Struck By Bicyclist, A Blind Marathoner Vows To Run In November
02/28/2013 - 16:15
Richard Bernstein
Richard Bernstein
Richard Bernstein

I’ve never believed in allowing my disability to define who I am as a person. From the moment I was born, I’ve lived my life not knowing what the people and things that surround me look like. I am blind. What some consider a curse, I consider to be a blessing, because my disability has given me the ability to perceive and experience life in ways that those born with the ability to see cannot. Being blind is all I’ve ever known, so I’ve only had but one choice in life: adapt or fail to survive.

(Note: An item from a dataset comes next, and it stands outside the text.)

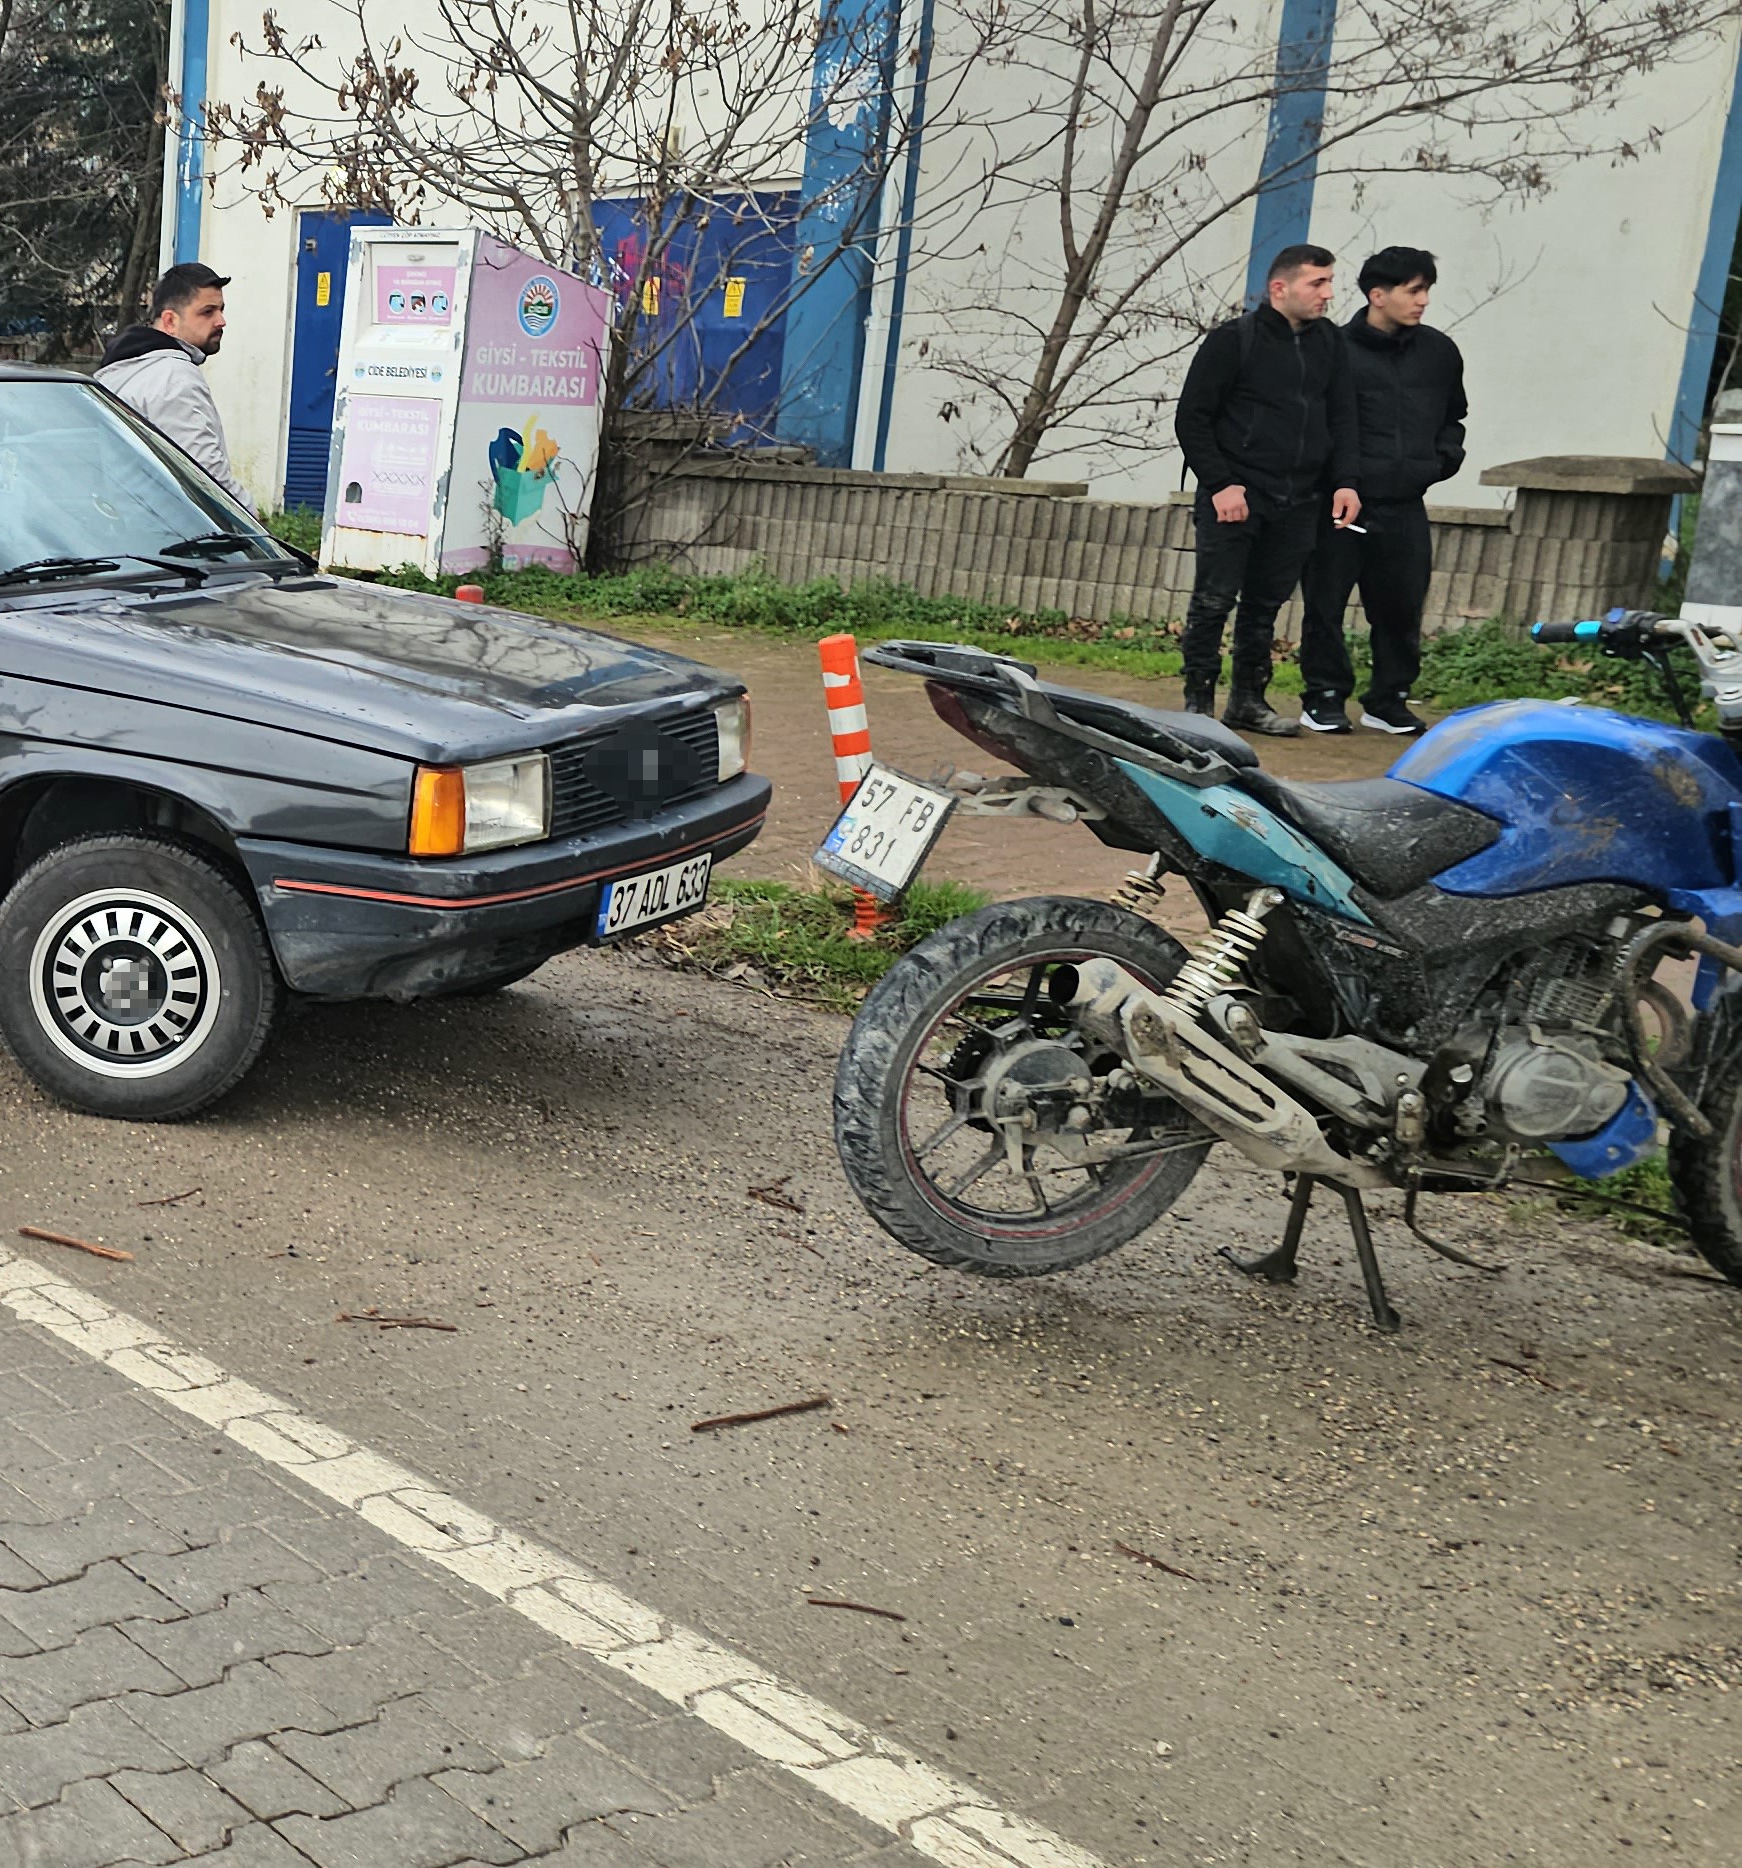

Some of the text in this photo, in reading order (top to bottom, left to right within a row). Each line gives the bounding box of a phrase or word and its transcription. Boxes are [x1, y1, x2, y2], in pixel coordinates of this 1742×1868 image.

I’ll never go so far as to say that living without the ability to see has been easy. But life itself isn’t easy, for either sighted or non-sighted people. Life has been a struggle, but through adversity and struggle, passion emerges. My two passions in life are the law and athletics. As a disability rights attorney, I have dedicated my life to representing people with disabilities who otherwise don’t have the means and resources necessary to have their voice heard. My other passion is my love for athletic competition. I have been blessed to complete 17 marathons and the full Iron Man triathlon (2.4 mile swim, 112 mile bike ride, 26.2 mile run, completed consecutively, without break). My passion for athletics is insatiable.

Yet it wasn’t until this past summer that I came to realize how fragile life can be. One Monday morning in August, I was training for my eighteenth marathon in my favorite place to train: Central Park. While in the pedestrian lane, I was suddenly struck from behind by what I later came to find out was a bicycle that, according to the police report, was traveling at a speed in excess of 30 miles per hour downhill. I was rushed to the trauma center at nearby Mount Sinai Hospital where it was determined that I had suffered a shattered pelvis and hip. Once an Iron Man, I suddenly felt bound by the “iron walls” of the hospital room where I spent over the weeks recovering.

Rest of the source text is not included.